Heparin can be given intravenously or sub-cutaneously, but not by mouth. Heparin is sometimes used to reduce acute stroke damage or stroke risk in hospitalized patients. In addition, heparin may be used in hospitalized stroke patients to reduce the risk of blood clots forming in leg veins.

Warfarin (Coumadin® and others)

Warfarin is an anticoagulant drug (“blood thinner”) which is taken by mouth. Daily use of warfarin can reduce the risk of stroke in certain patients. For example, many patients with atrial fibrillation (an irregular heartbeat) should be prescribed warfarin. Use of warfarin requires careful monitoring, and you should closely follow your doctor’s recommendations, including regular blood tests. Let your doctor know if you’re taking any other medications.
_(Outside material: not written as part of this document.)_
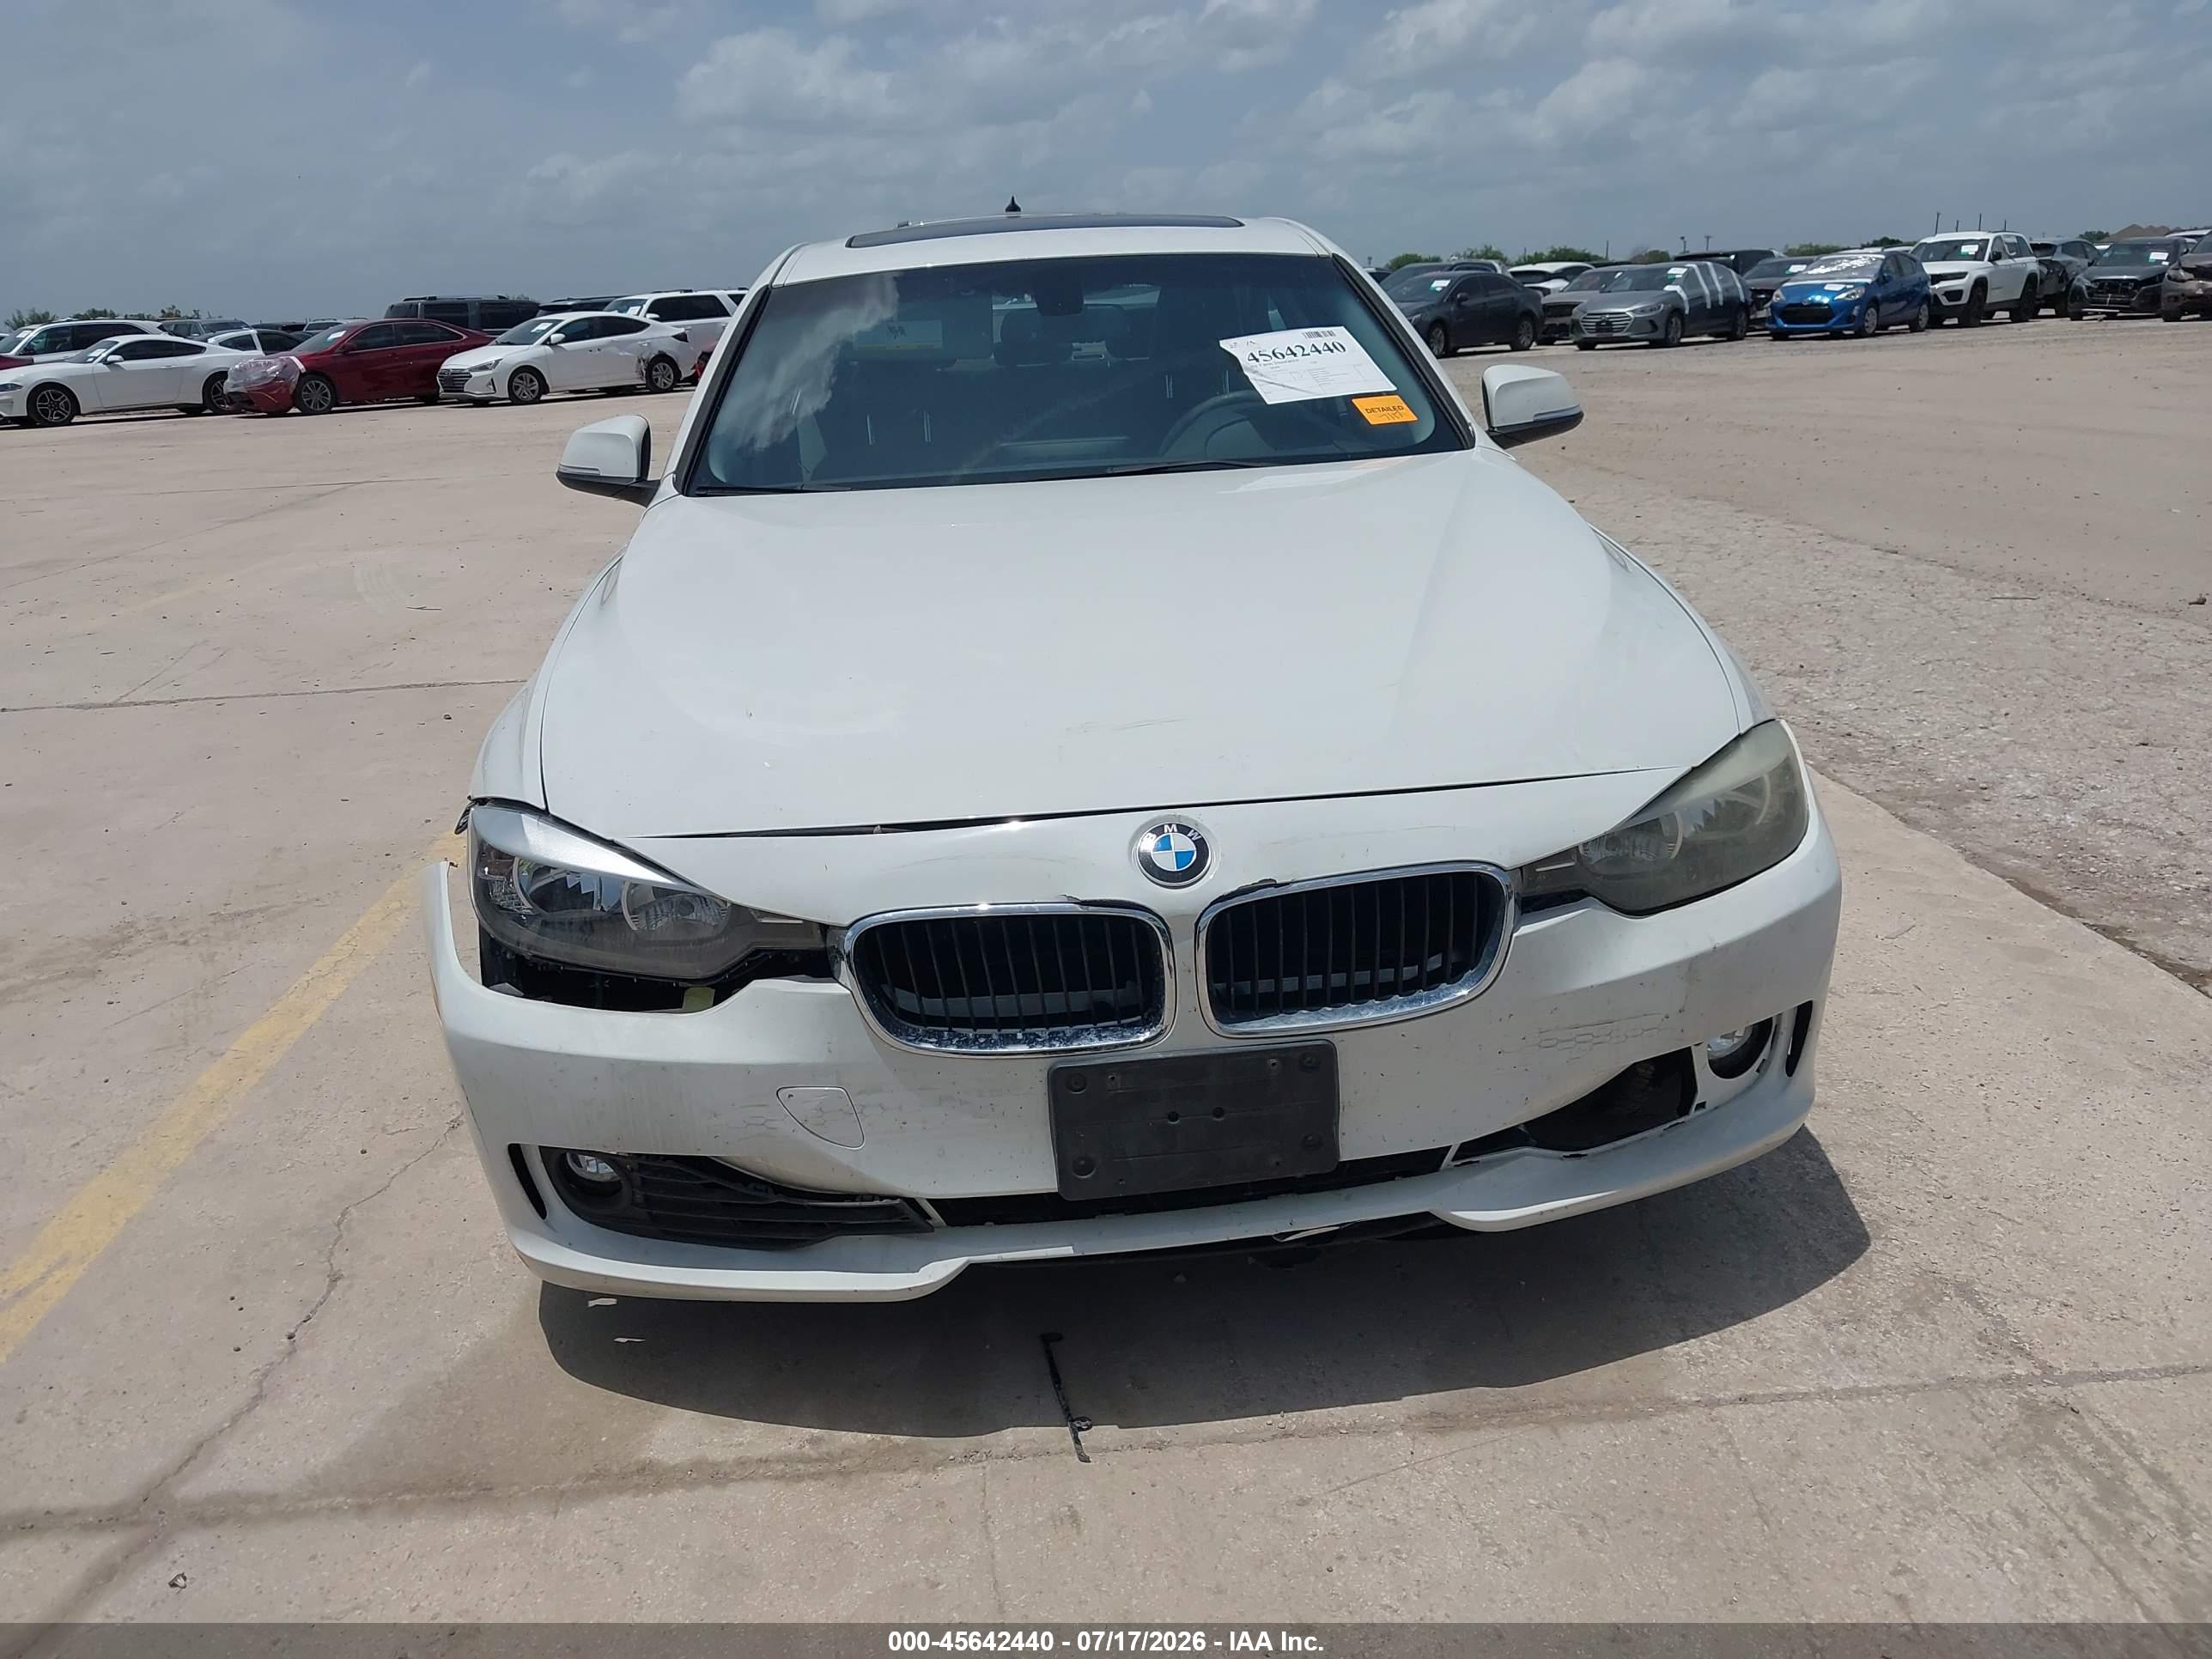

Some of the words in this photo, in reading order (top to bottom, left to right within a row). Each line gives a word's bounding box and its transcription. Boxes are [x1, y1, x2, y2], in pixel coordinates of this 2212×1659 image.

[1247, 341, 1346, 363] 45642440
[1365, 405, 1405, 414] DETAILED
[1140, 823, 1202, 848] BMW
Your doctor will start you on a low dose of Coumadin® and will have you see him or someone else to check your blood weekly. You want your blood levels to be within a certain range. The doctor wants you to be right in the middle, so you will have your blood drawn and the doctor will increase or decrease your dose based on the blood values and where he or she wants you to be.
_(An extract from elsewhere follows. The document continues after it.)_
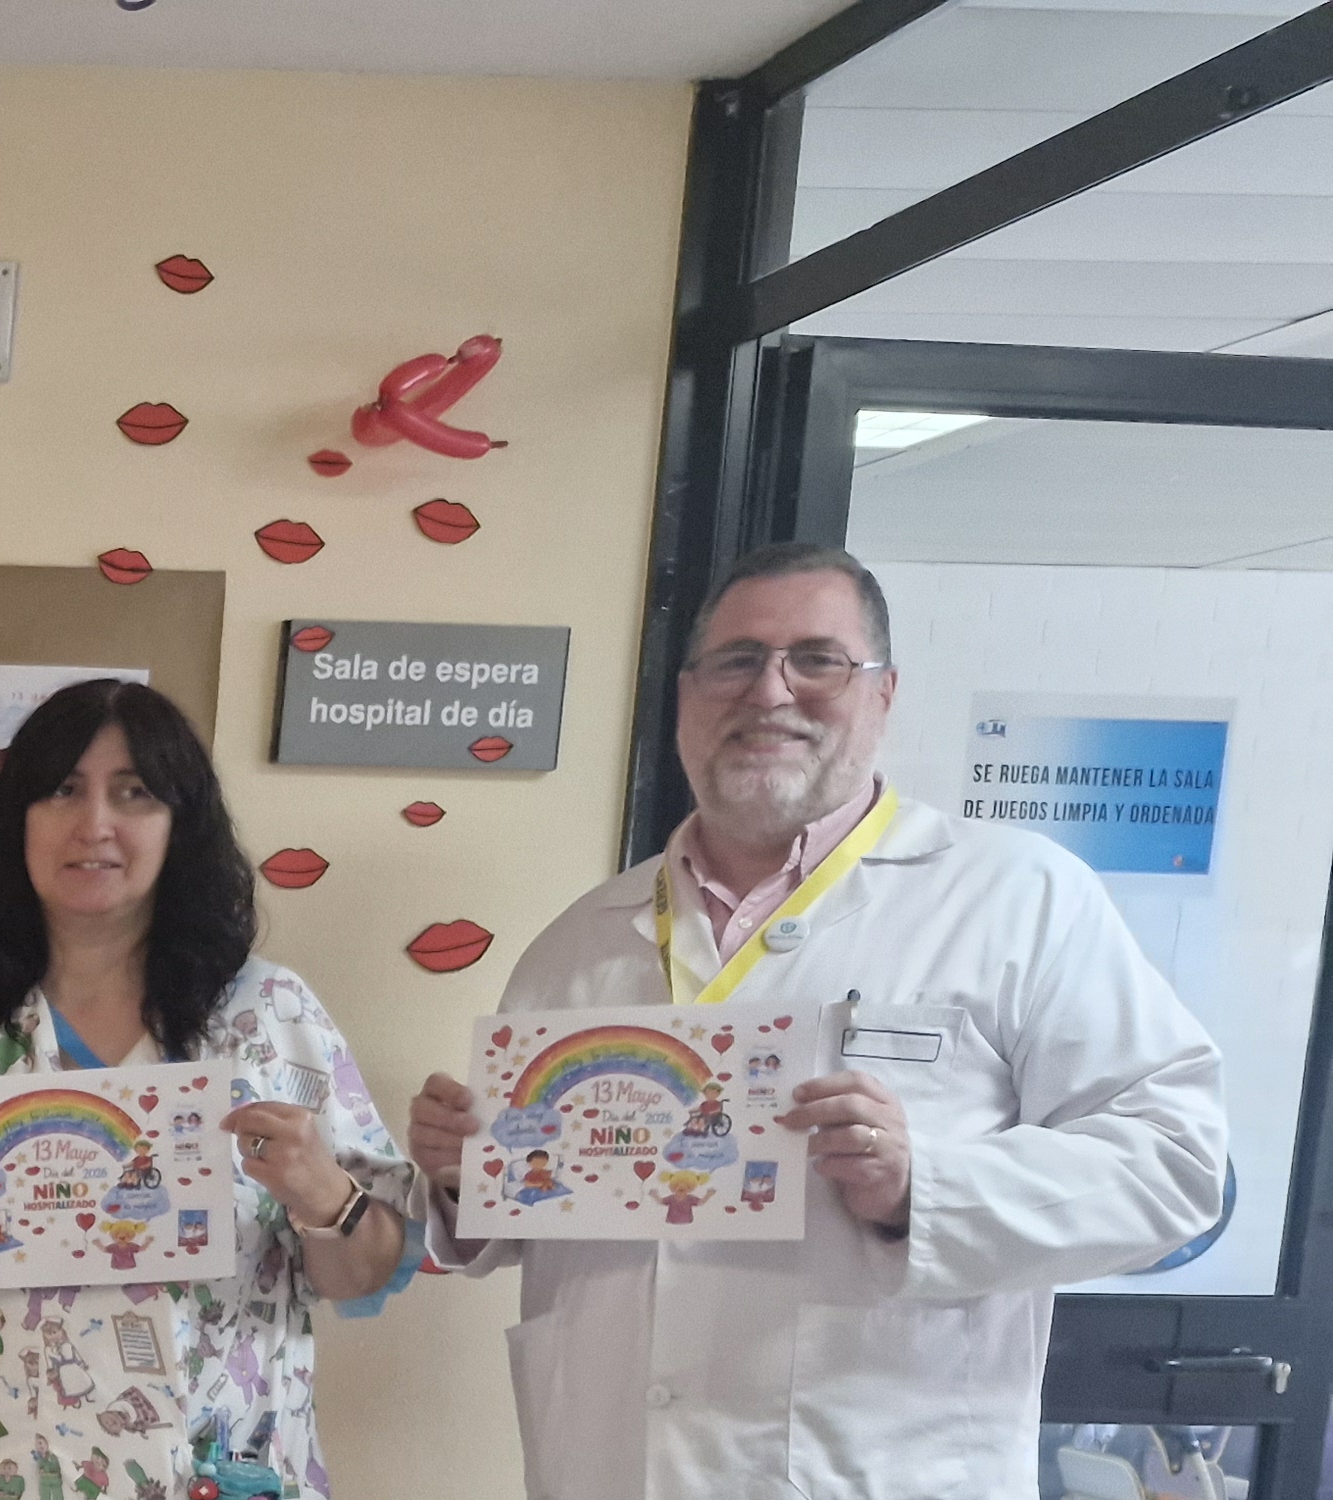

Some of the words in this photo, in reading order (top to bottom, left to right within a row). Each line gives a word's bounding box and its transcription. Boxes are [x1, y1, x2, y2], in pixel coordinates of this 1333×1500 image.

Patients receiving Coumadin® also need to be very careful about their diet and activities to prevent problems while taking the medication. The levels of the drug in the body can be affected by the amount of vitamin K in your diet. Foods high in vitamin K include leafy green vegetables, green teas, as well as pork and beef liver. Patients should avoid large amounts of alfalfa, broccoli, asparagus, brussels sprouts, cauliflower, cabbage, kale, spinach, watercress, lettuce and turnip greens. You can still eat these foods, but eat the same amount regularly. For example, don’t eat a plateful of turnips every day for a week and then decide to stop eating them the next week. Large changes in the amount you eat can cause problems with your treatment.

Also, since Coumadin® is a fairly strong blood thinner, you have a chance of bleeding more than usual with common cuts, scrapes and falls. Use caution walking and with activities that place you at risk to fall or get hurt. Be careful while shaving, because a common cut may take longer to stop bleeding. Watch for blood in the urine, in the stools, or around the gums when eating and brushing teeth; bleeding from the nose; or bruising easily. If you notice abnormal or excessive bleeding, let your pharmacist and doctor know, and talk with them before you change or take any new medicines. Lastly, get an identification bracelet or necklace to let people, doctors and dentist know you are taking Coumadin®.